# Are ESB rates cheaper after a certain time in the evenings?



## cork (19 May 2010)

Are EsB rates cheaper after a certain time in the evenings?


----------



## Berni (19 May 2010)

Only if you have separate day/night meters and are on a nightsaver tariff.

[broken link removed]


----------



## rockofages (27 May 2010)

If your meter has two separate readings on it then you are on Nightsaver. If not you're on one rate 24/7.


----------



## theresa1 (28 May 2010)

Do you need to be using alot of Electricity before changing to this tariff? How would it work with Airtricity or Bord Gais Energy?


----------



## rockofages (28 May 2010)

You need to be reasonably sure you will use electricity at night, eg we use the immersion heater on a timer and the washing machine comes on early in the morning (it has a built-in timer).

Works exactly the same with BGE and Airtricity - they give you a % reduction on the ESB rates.


----------



## kbie (28 May 2010)

The standing charge used to be more expensive for the Day/Night meter. Not sure if this is the case so need to consider this also.


----------



## olddog (28 May 2010)

rockofages said:


> You need to be reasonably sure you will use electricity at night, eg we use the immersion heater on a timer and the washing machine comes on early in the morning (it has a built-in timer)..



Day / Night meter :

- Its grand if you use a heat pump. 
- The day time rate is a bit more than the standard day time rate


----------



## galwaytt (28 May 2010)

I have it, and, frankly, it's a waste of time.

The hours inside which it applies isn't very useful for standard domestic use.  

And if you have it, like I do, any unit you use, during daytime hours costs extra.

There is also an extra standing charge as well as an installation cost for it.

I'm currently thinking of removing it - and have been quoted €180 by ESB to do so.


----------



## rockofages (28 May 2010)

If you don't try it won't be of any use. You have to make the effort.

It saves us around €20 a bill.


----------



## galwaytt (28 May 2010)

I've already worked it out - I cannot use enough electricity in the small hours of the a.m. to offset the extra rental, higher daytime rates and installation costs.


----------



## rockofages (28 May 2010)

If you use your washing machine, dishwasher, immersion heater and tumble dryer at night you'd probably push half or more total consumption over to night rate.

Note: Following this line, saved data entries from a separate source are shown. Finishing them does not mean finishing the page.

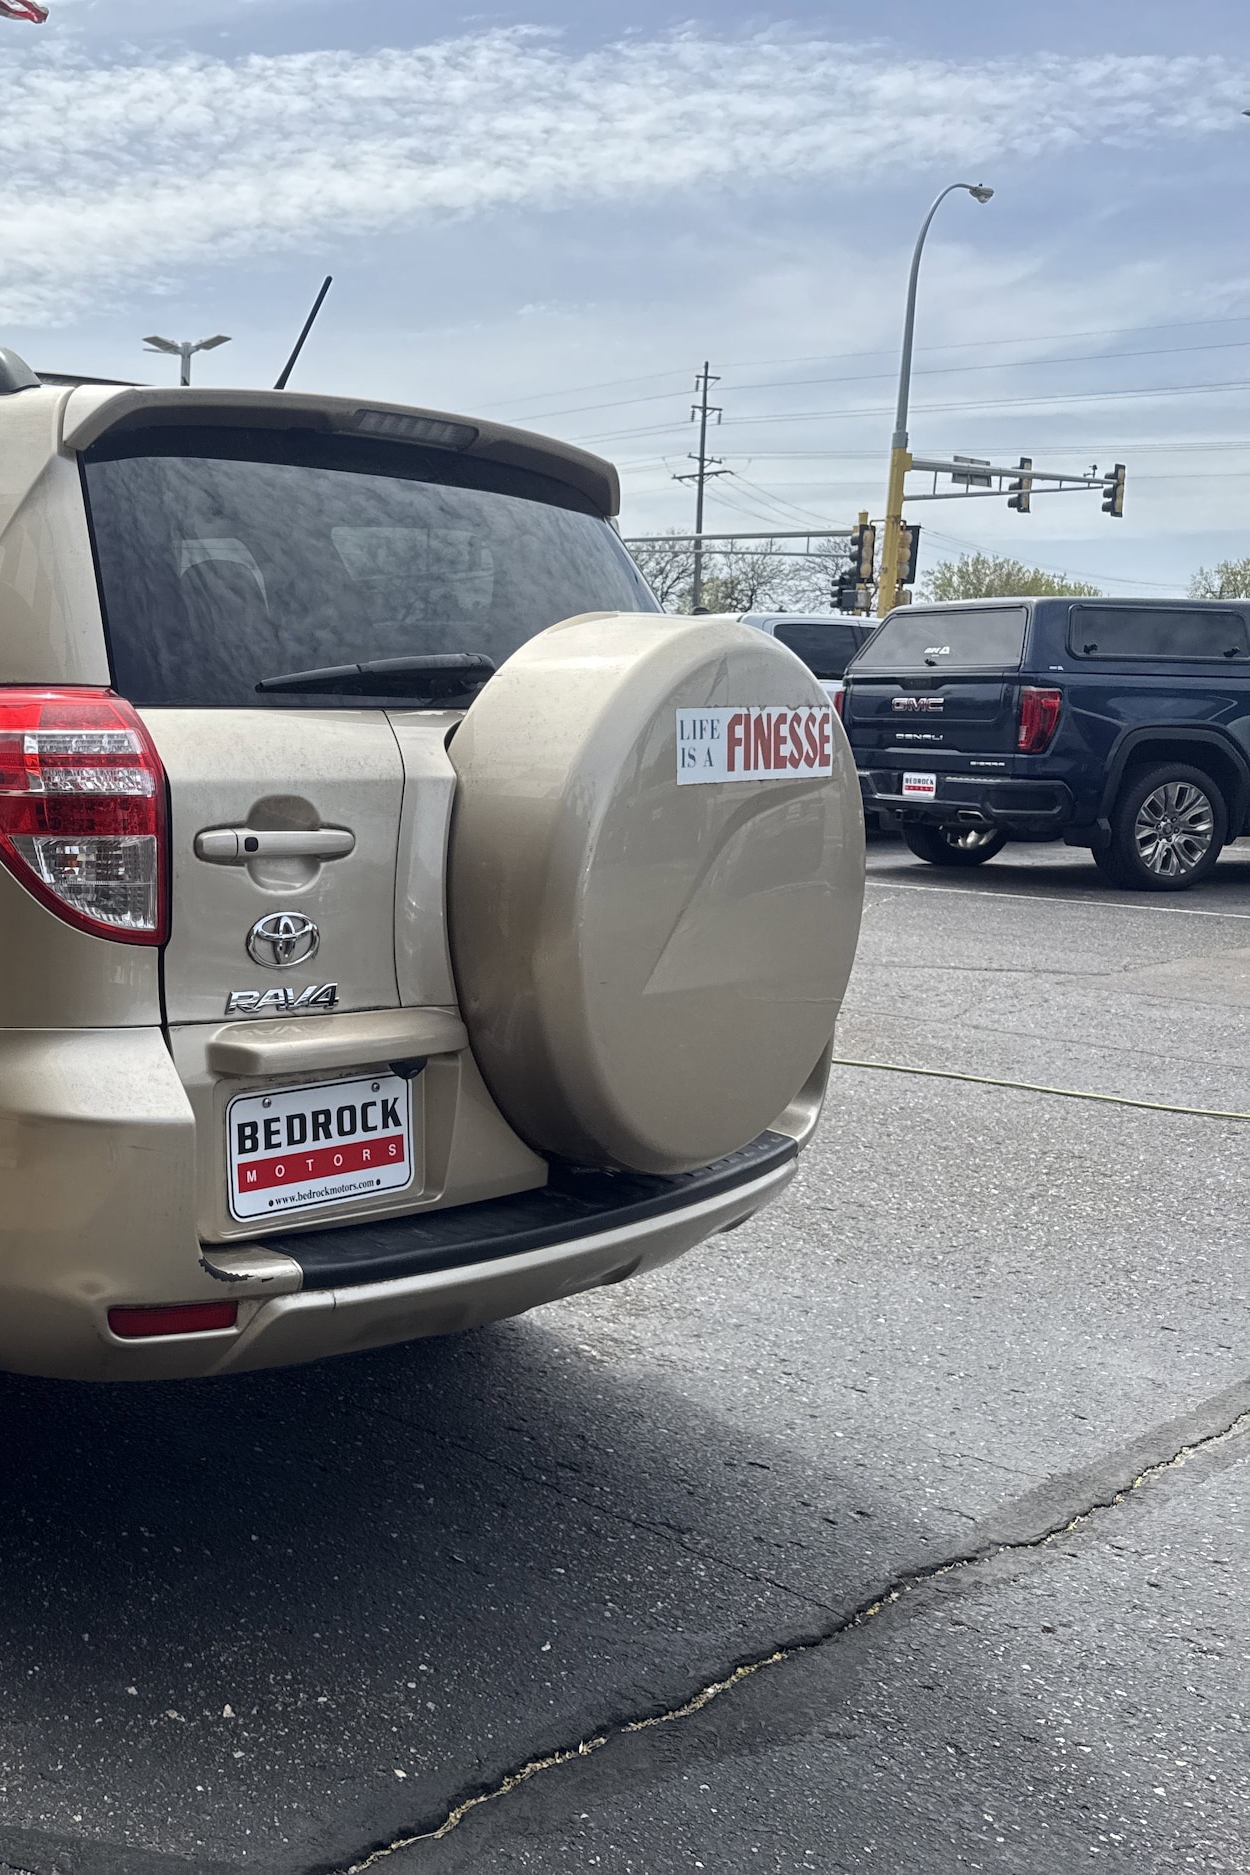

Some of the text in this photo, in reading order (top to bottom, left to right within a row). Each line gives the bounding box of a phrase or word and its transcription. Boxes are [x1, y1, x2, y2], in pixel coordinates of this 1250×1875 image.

[892, 697, 944, 712] GMC
[680, 718, 720, 741] LIFE
[727, 711, 831, 772] FINESSE
[681, 746, 714, 769] IS A
[224, 982, 340, 1015] RAV4
[237, 1097, 403, 1156] BEDROCK
[246, 1143, 398, 1183] MOTORS
[275, 1178, 375, 1206] www.bedrockmotors.com

We only use the immersion and washing machine on the low rate and about a third of our total consumption is at night as a result.


----------



## Moral Ethos (28 May 2010)

About a third of my consumption is at night rate. It is certainly worth it. It needs the effort to transfer load but if done correctly the savings are there.


----------



## rockofages (28 May 2010)

Yeah, a third seems to be about average with a little bit of effort. A friend has geothermal and is getting about 40% of his consumption onto the nightsaver.


----------



## galwaytt (29 May 2010)

rockofages said:


> If you use your washing machine, dishwasher, immersion heater and tumble dryer at night you'd probably push half or more total consumption over to night rate.
> 
> We only use the immersion and washing machine on the low rate and about a third of our total consumption is at night as a result.


 
Yes, but in the house I have, I don't have an immersion. I have, but rarely use a dryer (due to the warmth of the house and large utility with clothes horse in it...) dishwasher and washing machine isn't enough to justify the cost, imho. In a house with a lot of downlighters, it makes even less sense - they won't be on at the time of night rate, anyway (too late...)



rockofages said:


> Yeah, a third seems to be about average with a little bit of effort. A friend has geothermal and is getting about 40% of his consumption onto the nightsaver.

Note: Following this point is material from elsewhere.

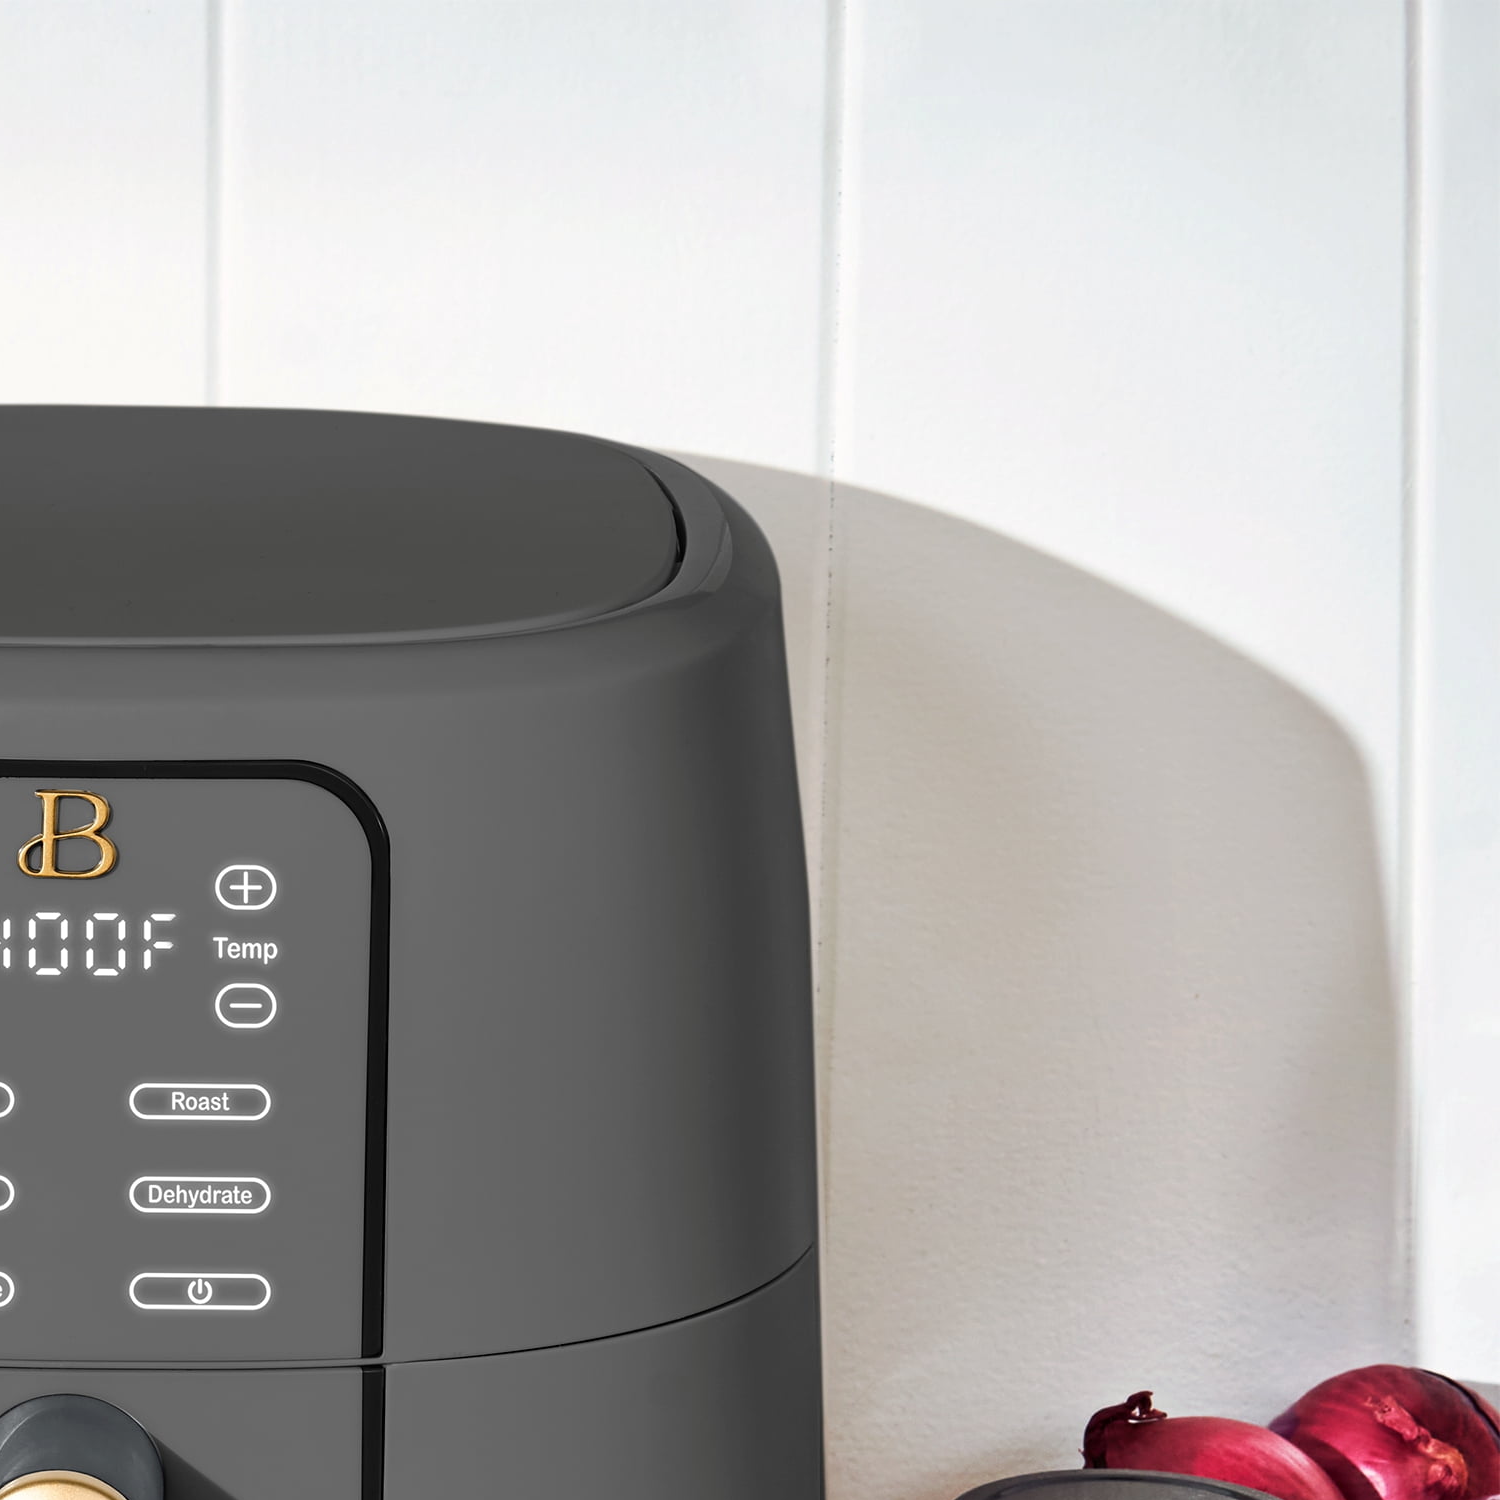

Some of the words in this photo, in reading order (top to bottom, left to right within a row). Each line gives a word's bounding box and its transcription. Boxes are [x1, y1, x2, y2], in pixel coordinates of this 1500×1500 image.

[16, 789, 119, 878] B
[213, 937, 278, 964] Temp
[171, 1090, 229, 1111] Roast
[147, 1185, 252, 1206] Dehydrate

 I agree, and for a big load elec item, it's ideal........for everyone else, though..........

What's wrong is that nightrate should NOT be extra for day units. Nightrate hours should be brought way forward, to say, 21:00. And there should be no extra standing charge for the meter. Do that, and watch the load on the grid shift, just like they want it to.

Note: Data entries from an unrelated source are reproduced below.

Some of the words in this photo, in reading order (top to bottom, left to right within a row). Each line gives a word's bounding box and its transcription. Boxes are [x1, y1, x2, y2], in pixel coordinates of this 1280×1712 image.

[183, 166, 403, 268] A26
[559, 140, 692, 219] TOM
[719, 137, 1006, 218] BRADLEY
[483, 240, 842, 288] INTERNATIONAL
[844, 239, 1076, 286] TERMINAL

Maybe when ESB gets privatised the light bulb (sic) might go on.......


----------



## rockofages (29 May 2010)

galwaytt said:


> Yes, but in the house I have, I don't have an immersion. I have, but rarely use a dryer (due to the warmth of the house and large utility with clothes horse in it...) dishwasher and washing machine isn't enough to justify the cost, imho.


You may not have an immersion but do you have an electric shower? If you do and you shower before 9am then you're on the night rate, so it'd be somewhat similar. We also don't use the tumble dryer either (and we have the old manual style dishwasher that doesn't use any electricity at all.) Yet we still get a third of consumption onto the night rate.

Bear in mind if you have a modern washing machine that has a cold water only feed then it has its own water heater.



galwaytt said:


> In a house with a lot of downlighters, it makes even less sense - they won't be on at the time of night rate, anyway (too late...)


Do you have a lot of halogen downlighters? If you do I suspect they're part of the reason why you can't shift a bigger proportion of your total consumption onto night rate. We replaced the handful we have with a combination of CFL and LED (trying to balance colour), and any other incandescent bulb in the house that's on for more than 10 mins a day was replaced with a CFL.


----------



## rockofages (29 May 2010)

BTW I do agree tho that the ESB etc should do more to encourage off peak use. But then again there are soooo many things they should be doing that they're not.......


----------



## Leo (31 May 2010)

galwaytt said:


> Nightrate hours should be brought way forward, to say, 21:00.


 
Demend is 80-90% of peak at 9pm, it drops off sharply from about 10pm. Even by midnight, it's still about 75% of peak. From there to 6am is where the real lull is.


----------



## Moral Ethos (31 May 2010)

And the ESB must keep most of its generators running during the lull hence why the carrot of cheaper electricity if offered.


----------